Così, all’ombra dell’accordo tra Lega e M5s, tra Salvini e Luigi Di Maio, mentre i grillini lo insultano e lo rifiutano, mentre chiedono a Salvini di formare un esecutivo con loro respingendo il Caimano, lui, Berlusconi, sta in realtà cercando di misurare soltanto quello che un suo colonnello definisce “il punto limite della dignità di Forza Italia”. D’altra parte Salvini e Di Maio si muovono insieme, e la Lega prende ormai decisioni senza nemmeno informare l’alleato, com’è successo ieri, quando Forza Italia ha appreso soltanto a cose fatte che la commissione speciale della Camera avrebbe eletto presidente il leghista Nicola Molteni.
Due sono le ipotesi che porterebbero, in qualche modo, Berlusconi nella maggioranza. La prima, la più dignitosa, è un ingresso nel governo di ministri e sottosegretari “d’area berlusconiana”. Nessun dirigente di Forza Italia, nessun ex ministro, nessun volto storico, niente Brunetta, ma dei berlusconiani defamiliarizzati, uomini i cui nomi ronzano sempre nella mente del Cavaliere, come il generale Leonardo Gallitelli e Guido Bertolaso. Seconda ipotesi, che però Berlusconi per ora ha scartato, considerandola non solo rischiosa ma, appunto, “oltre il limite della dignità”: nessun ministro, niente sottosegretari, nemmeno l’ingresso formale in maggioranza, ma l’appoggio esterno di Forza Italia al nuovo governo. L’idea, di cui si è parlato a lungo anche con Giovanni Toti, è che Berlusconi presti dieci o venti parlamentari alla Lega per rendere la maggioranza più solida, e poi vada in una specie di limbo con il resto di Forza Italia, trasformandosi in un alleato remoto e ambiguo del governo a cinque stelle, una sponda ingombrante eppure assente.
Malgrado in questi ultimi giorni il Cavaliere abbia fatto ragionamenti che si potrebbero riassumere nel principio che il potere anche in quantità omeopatiche è la più efficace delle medicine, e che stare in Parlamento con il 14 per cento è sempre meglio di tornare a votare, malgrado ciò Berlusconi per adesso ha respinto lo scenario più umiliante.
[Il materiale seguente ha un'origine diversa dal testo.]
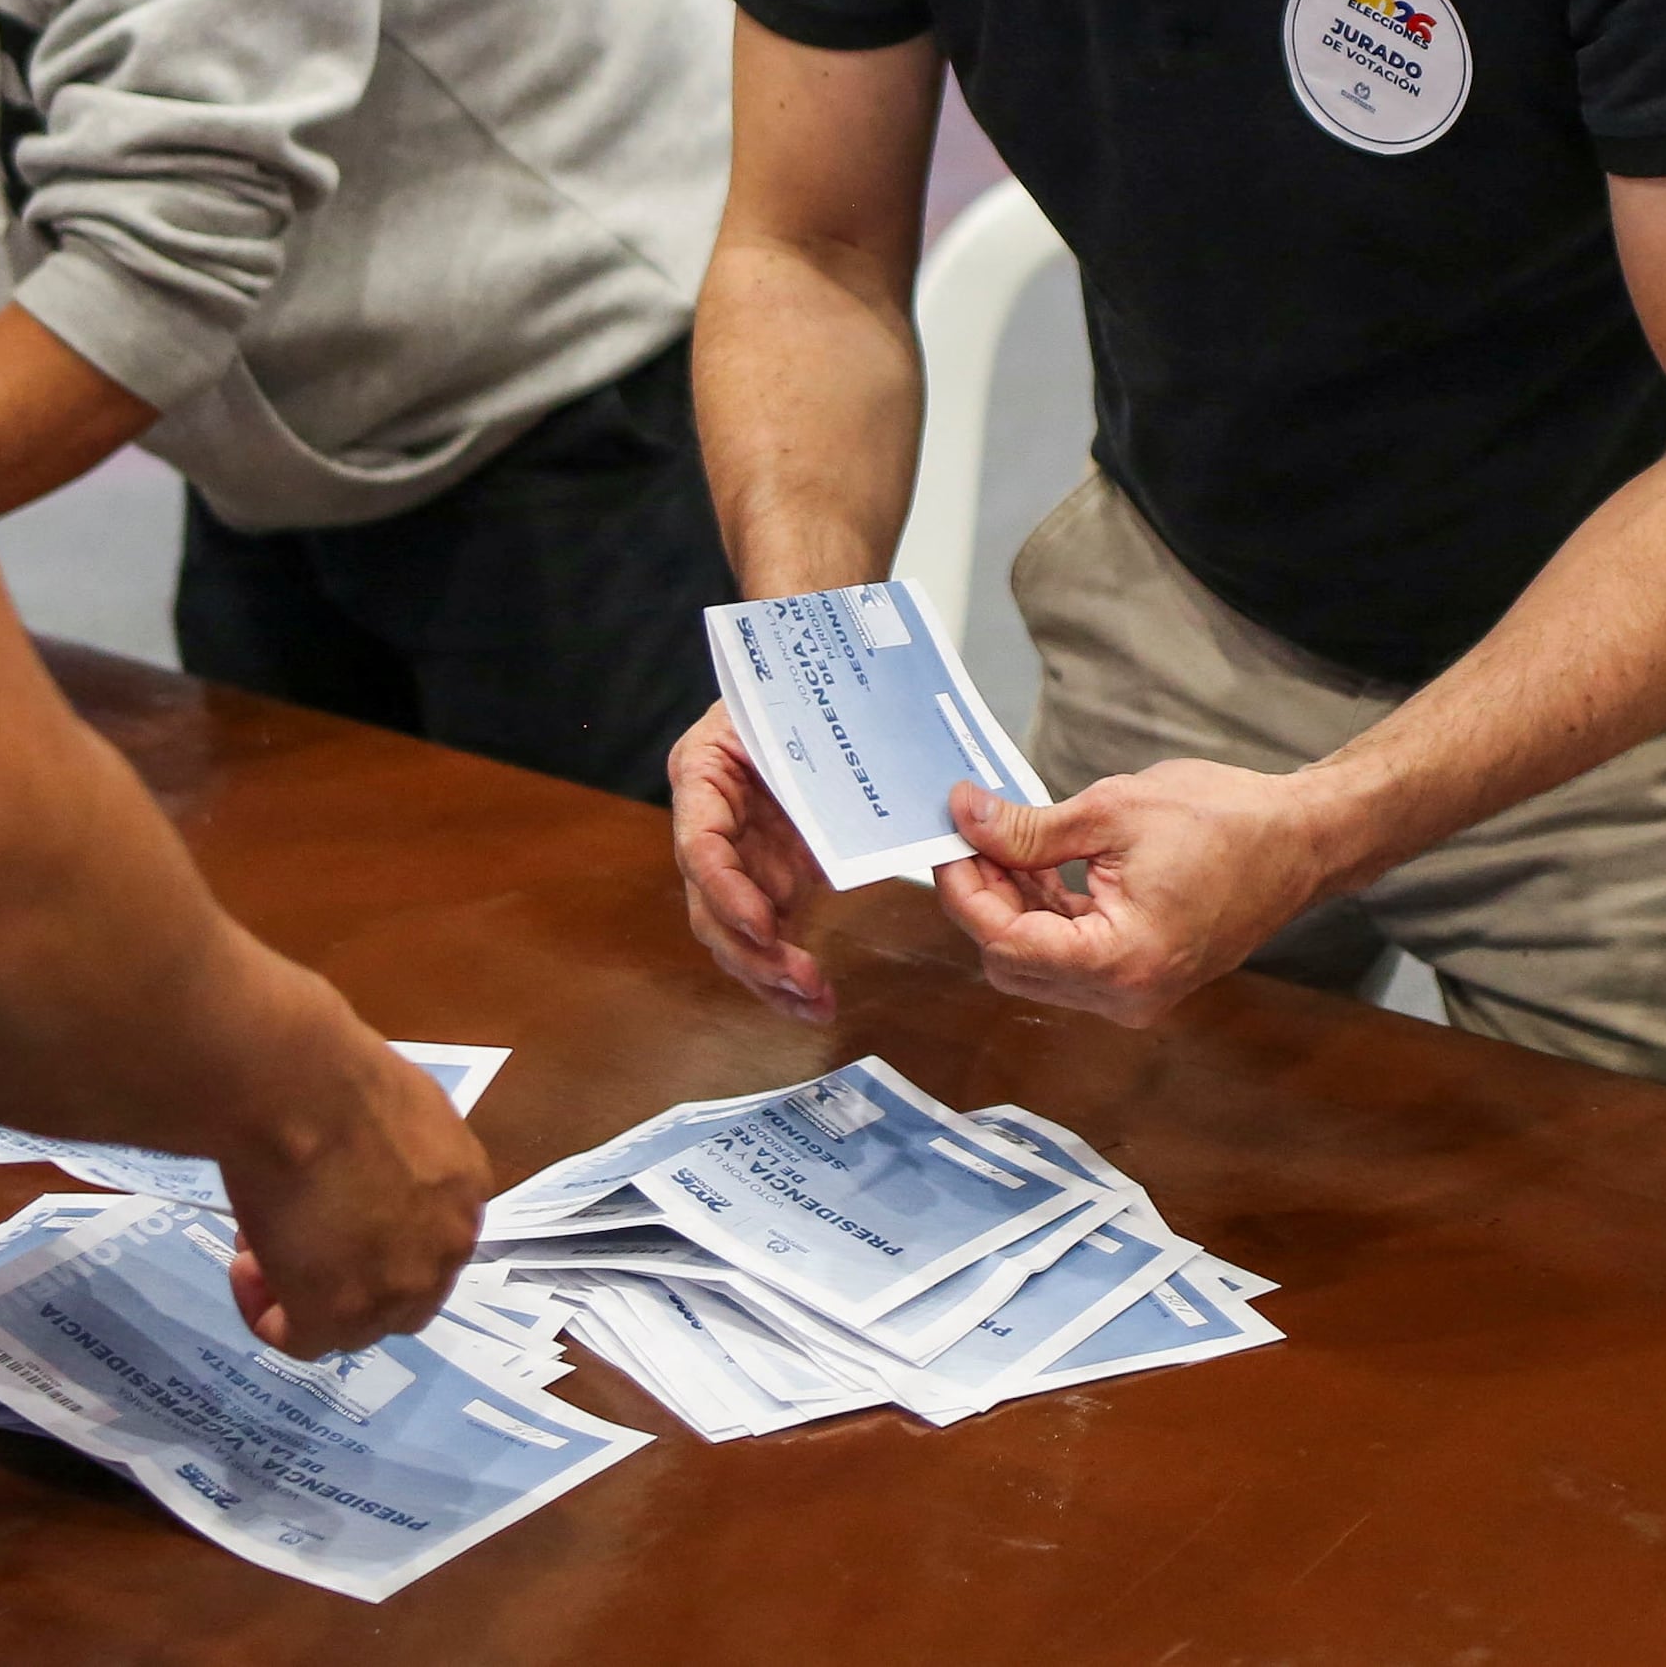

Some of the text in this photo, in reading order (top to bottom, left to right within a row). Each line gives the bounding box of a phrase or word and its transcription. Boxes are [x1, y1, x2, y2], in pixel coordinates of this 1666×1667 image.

Per adesso. “Proviamo a insistere con Di Maio, e vediamo che succede”, gli ha risposto, ieri, all’incirca, Salvini. Ma Di Maio non sembra muoversi di un millimetro dal suo rifiuto del Cavaliere. Mentre dalla parti di Matteo Renzi si fa dello spin per accelerare l’abbraccio tra M5s e Lega. Diceva mercoledì l’ex segretario del Pd: “Se decido, andiamo noi al governo con i Cinque stelle”.